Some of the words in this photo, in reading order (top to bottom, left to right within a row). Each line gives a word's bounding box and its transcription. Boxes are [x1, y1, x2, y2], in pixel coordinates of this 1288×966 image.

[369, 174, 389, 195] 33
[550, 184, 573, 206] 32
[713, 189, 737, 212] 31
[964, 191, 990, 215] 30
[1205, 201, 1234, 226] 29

## EXERCISE DIRECTIONS
Transcribe the listing in full, keeping every line exact.

## ANSWER BELOW
Some of the words in this photo, in reading order (top to bottom, left to right within a row). Each line gives a word's bounding box and its transcription. Boxes are [x1, y1, x2, y2], in pixel coordinates of this 1288×966 image.

[369, 174, 389, 195] 33
[550, 184, 573, 206] 32
[713, 189, 737, 212] 31
[964, 191, 990, 215] 30
[1205, 201, 1234, 226] 29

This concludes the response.